De galho em galho, a condução do leitor ou leitora segue “um percurso seguro e inspirado”, como garante o compositor Martinho da Vila na quarta capa do livro. Já Nei Lopes, também compositor e escritor (como Martinho e Filipe), define a obra em seu prefácio como “uma espécie de enciclopédia da cultura do samba.” Outro mestre que avaliza “Para ouvir o samba” é o produtor e escritor Haroldo Costa, autor do texto da orelha: “O segredo da multiplicidade do samba reside em sua mutação permanente.”

Que ninguém espere, portanto, ler sobre o “samba puro”, “o samba autêntico” ou – pior – o “samba de raiz”. Afinal, como o próprio Filipe esclarece: “O samba é negro, mas também é branco. O samba é arcaico, mas também é contemporâneo. O samba é profano, mas também é religioso. O samba é proletário, mas também é de bacana. O samba se basta em si mesmo, tão diverso que é, mas também dialoga proveitosamente com outras expressões musicais. O samba é brasileiro da gema, mas está aberto para o mundo.”
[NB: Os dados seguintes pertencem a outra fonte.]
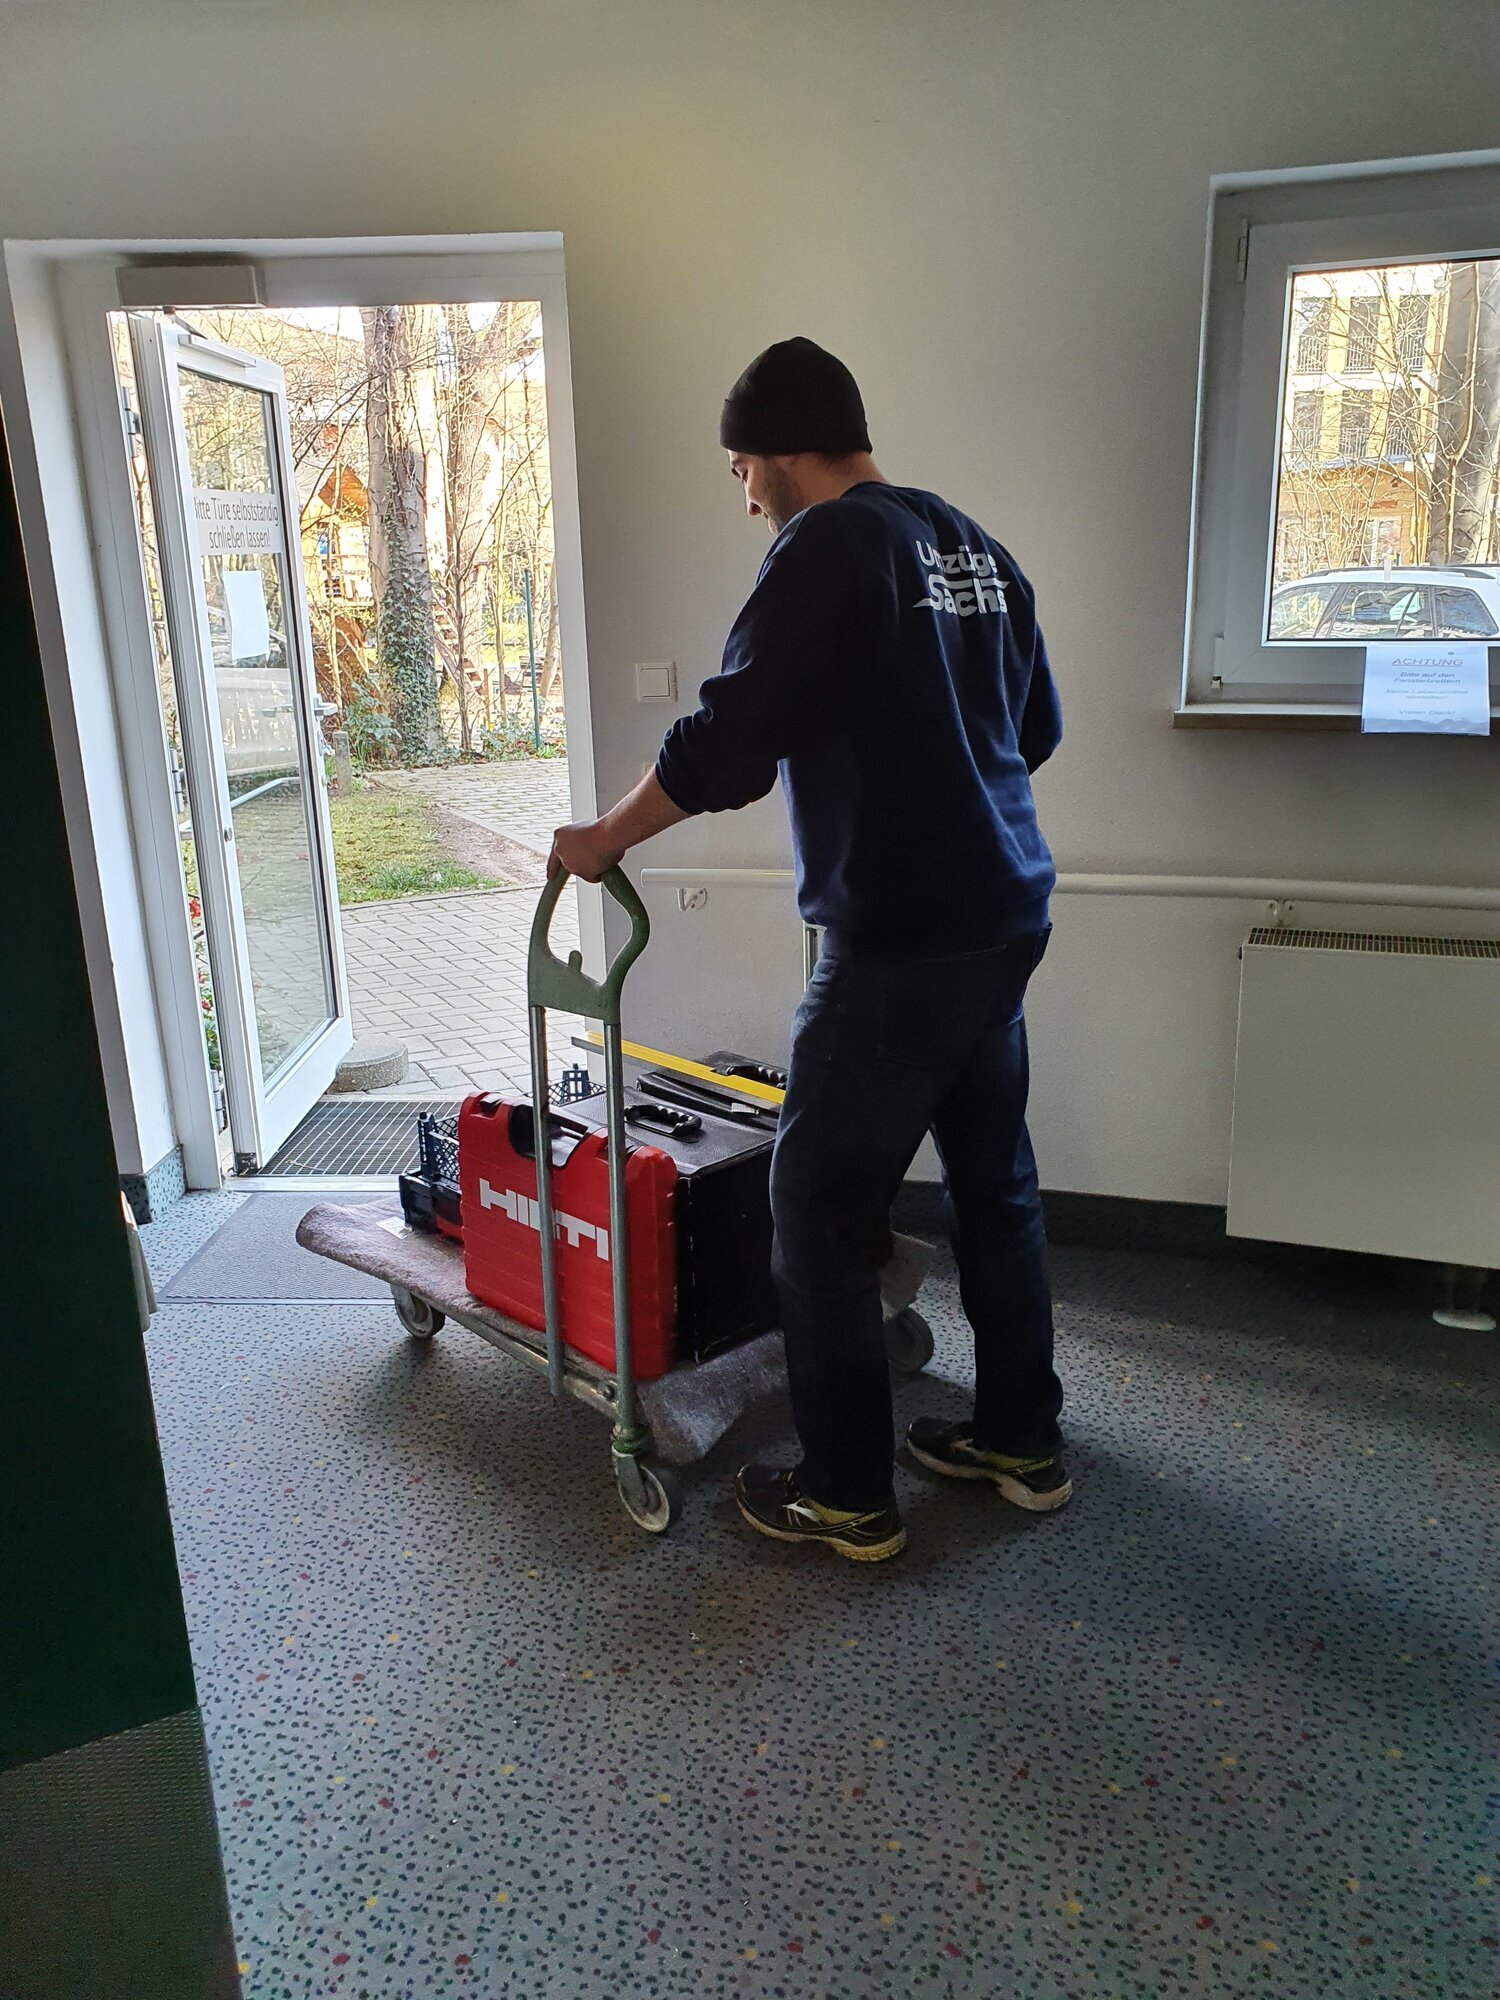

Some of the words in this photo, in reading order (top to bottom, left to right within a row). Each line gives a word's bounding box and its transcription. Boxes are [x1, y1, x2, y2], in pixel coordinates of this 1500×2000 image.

[211, 497, 231, 520] Türe
[232, 498, 279, 526] selbstständig
[209, 525, 245, 548] schließen
[246, 526, 271, 547] lassen!
[914, 574, 1009, 617] Sachs
[1392, 658, 1463, 667] ACHTUNG
[480, 1178, 609, 1261] HILTI
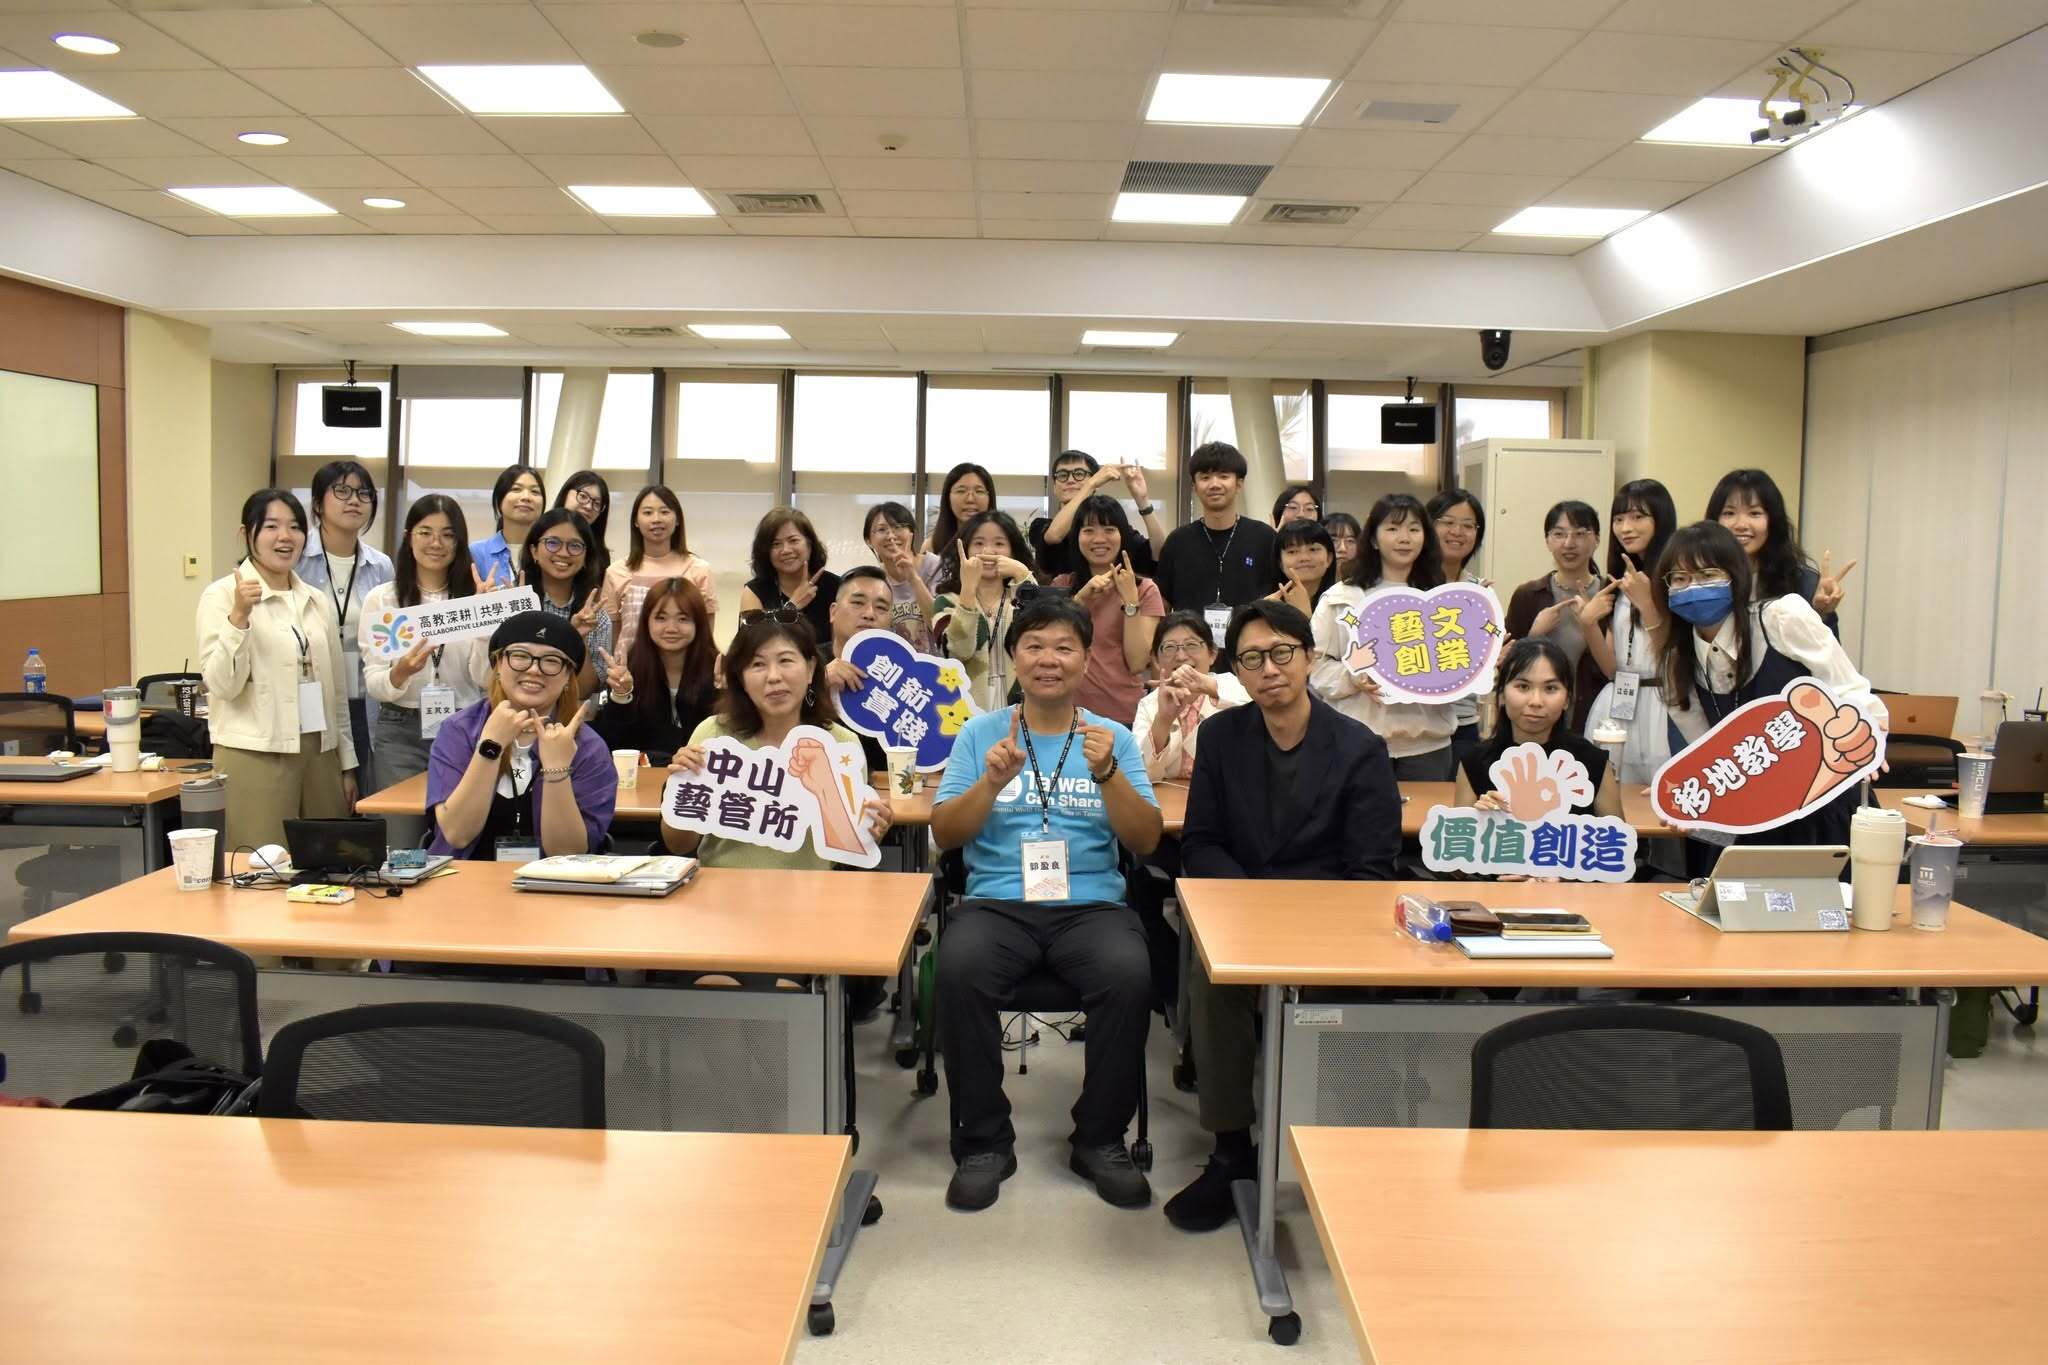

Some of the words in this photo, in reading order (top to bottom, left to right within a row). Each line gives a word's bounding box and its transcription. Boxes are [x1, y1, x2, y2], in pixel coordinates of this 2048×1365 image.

[418, 608, 472, 628] 高教深耕
[421, 623, 471, 637] COLLABORATIVE
[472, 617, 501, 629] LEARNING
[1389, 606, 1466, 644] 藝文
[1394, 637, 1471, 676] 創業
[866, 654, 934, 713] 創新
[861, 686, 928, 746] 實踐
[706, 748, 785, 797] 中山
[1672, 710, 1807, 819] 移地教學
[673, 782, 799, 841] 藝管所
[1025, 792, 1055, 807] Can
[1058, 794, 1102, 809] Share
[1430, 814, 1628, 873] 價值創造
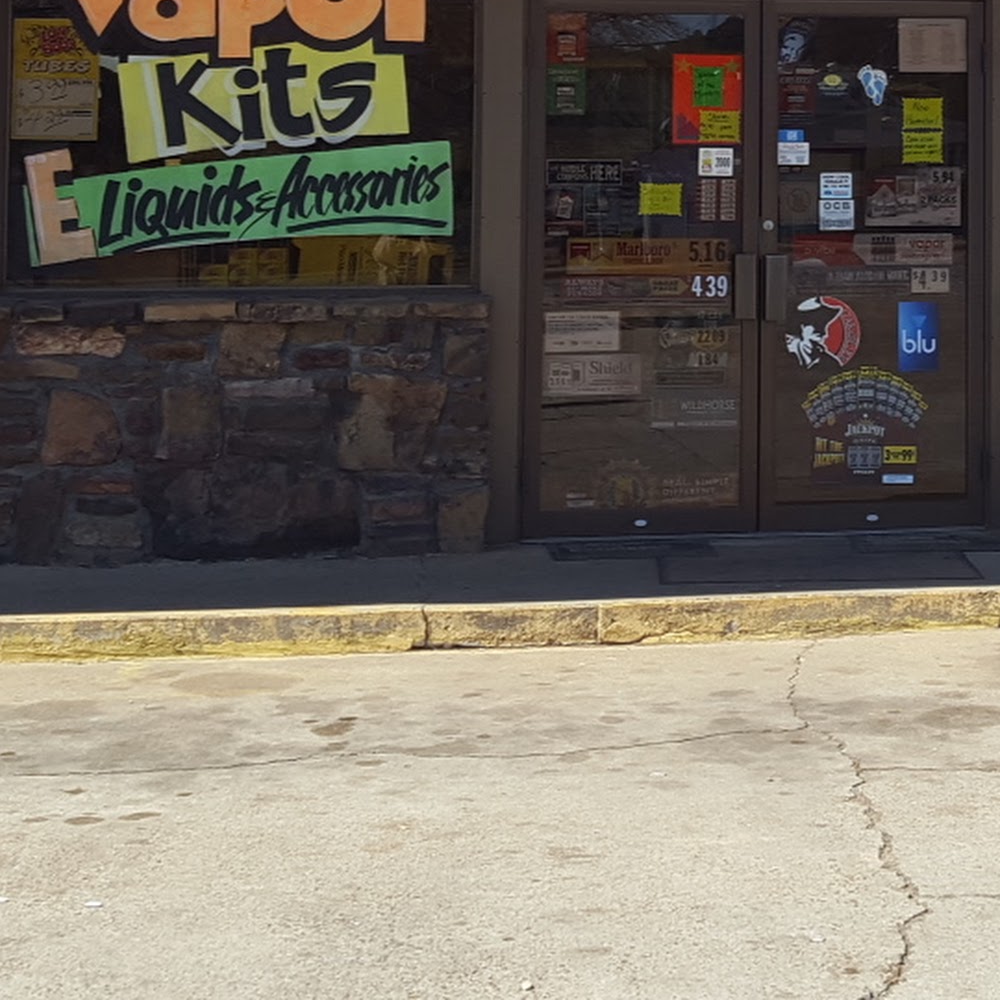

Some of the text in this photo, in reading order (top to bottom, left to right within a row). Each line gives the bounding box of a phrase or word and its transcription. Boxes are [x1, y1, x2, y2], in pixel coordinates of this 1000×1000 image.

Pedimos a ele uma seleção de fonogramas de nosso site que exemplificassem as modalidades de samba listadas em seu livro. O resultado vai na lista abaixo e também – para ouvir – na playlist associada a este texto. Antes, ele apresenta a seleção neste vídeo que gravou especialmente pra nós.

Divirtam-se!



1. Samba maxixado:
“Um samba na Penha” (Assis Pacheco, Álvaro Peres e Álvaro Colas), com Pepa Delgado e Mário Pinheiro. Odeon, 1904;

2. Samba do Estácio: “O que será de mim?” (Ismael Silva, Nilton Bastos e Francisco Alves), com Francisco Alves e Mário Reis. Odeon, 1931;

3. Samba-choro: “Conversa de botequim” (Vadico e Noel Rosa), com Noel Rosa. Odeon, 1935;

4. Samba de breque: “O relógio lá de casa” (Lupicínio Rodrigues e Felisberto Martins), com Moreira da Silva e Inezita Falcão. Odeon, 1945;

5. Samba sincopado: “Se você sair chorando” (Geraldo Pereira e Nelson Teixeira), com Roberto Paiva. Odeon, 1939;

6. Samba de gafieira: “Ginga número três (Ginga das palmas)” (Maestro Carioca), com Carioca e sua Orquestra. Repertório, 1956;

7. Samba-exaltação: “Isto aqui, o que é?” (Ary Barroso), com Moraes Neto. Odeon, 1941;

8. Samba de terreiro: “Falam de mim” (Noel Rosa de Oliveira, Éden Silva e Aníbal da Silva), com Zé e Zilda. Continental, 1949;

9. Samba-enredo: “Tiradentes [Exaltação a Tiradentes]” (Estanislau Silva, Penteado e Mano Décio), com Roberto Silva. Copacabana, 1955;

10. Samba carnavalesco: “O trem atrasou” (Paquito, Estanislau Silva e Arthur Villarinho), com Roberto Paiva. Victor, 1941;

11. Samba-coco: “Como tem Zé na Paraíba” (Manezinho Araújo e Catulo de Paula), com Jackson do Pandeiro. Philips, 1962;

12. Samba-canção: “Risque” (Ary Barroso), com Aurora Miranda. Continental, 1952;

13. Bossa nova: “Desafinado” (Tom Jobim e Newton Mendonça), com João Gilberto. Odeon, 1959;

14. Sambalanço: “Bolinha de sabão” (Orlandivo e Adilson Azevedo), com Sônia Delfino. Philips, 1963;

15. Samba-rock: “Mas que nada” (Jorge Ben Jor), com Jorge Ben Jor. e os Copa 5. Philips, 1963;

16. Samba-jazz: “Influência do jazz” (Carlos Lyra), com Célia Reis. Philips, 1962;

17. Partido-alto: “O samba é bom assim” (Norival Reis e Hélio Nascimento), com Jamelão. Continental, 1960;

18. O samba de todo o Brasil: “Samba do Arnesto” (Adoniran Barbosa e Alocin), com Adoniran Barbosa. Continental, 1953.